Acclaimed director Wong Kar Wai (Happy Together, My Blueberry Nights, In the Mood for Love, Fallen Angels) has filmed a movie that can be operatic at times, yet it’s not good as an action picture; and it can hardly be called a biopic.

It’s the story of Ip Man – a grandmaster that would eventually count Bruce Lee as one of his disciples.

In the 1930s, Japan was invaded by China. Different styles of kung fu started cropping up based on geography. Ip Man blended a few of the styles, helping better defend his country.

I grew tired of kung fu movies as a kid and as an adult, I like them even less. They’re often shot so beautifully, though.

The fights in this weren’t choreographed particularly well.

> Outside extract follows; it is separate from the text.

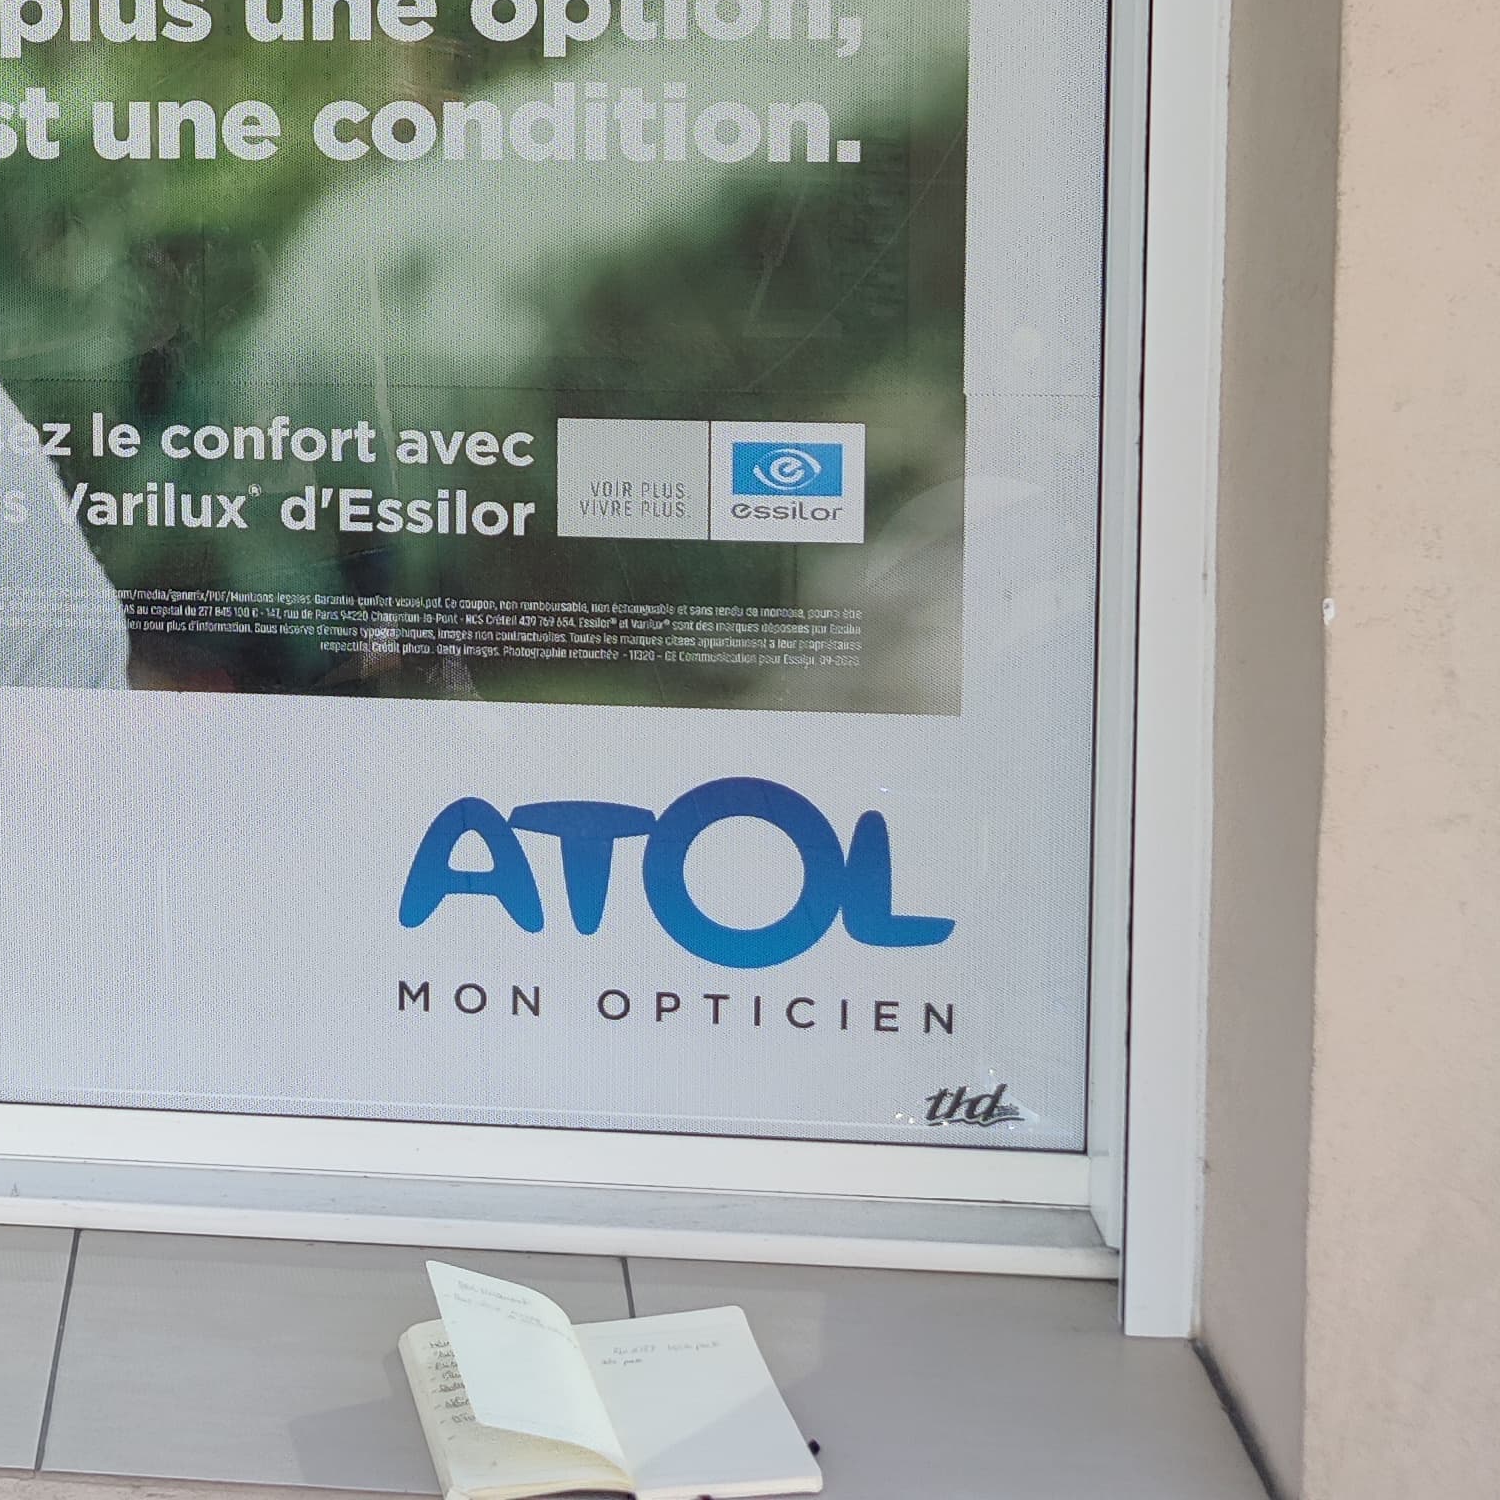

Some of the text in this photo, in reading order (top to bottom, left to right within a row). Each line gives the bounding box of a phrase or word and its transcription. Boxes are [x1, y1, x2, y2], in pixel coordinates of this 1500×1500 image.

And for every well-shot scene (the first fight in the rain), we end up seeing a similar fight later in the movie.

They also lose a bit of excitement when we sort of know the outcome and realize nobody is going to be hurt really bad.

You get a fight scene, followed by long boring moments and more characters brought into the story. They’re never fully developed either. It was hard to care about any of them.

There comes a point where you just have to sit back and appreciate the scenery. It’s certainly entrancing, but because the tone of this is all over the map, you’ll end up just scratching your head.

I need to find out from one of my karate friends why in fight scenes, they always have a group attack a single person one at a time. I remember wondering that while watching Bruce Lee movies as a kid. Surely a master at martial arts could dispense lesser talents one at a time. Just as if a group of 25 people attacked Mike Tyson one at a time, he’d easily be able to drop them. Yet you get five guys to jump on him, a few get black eyes, but he’ll eventually lose the fight.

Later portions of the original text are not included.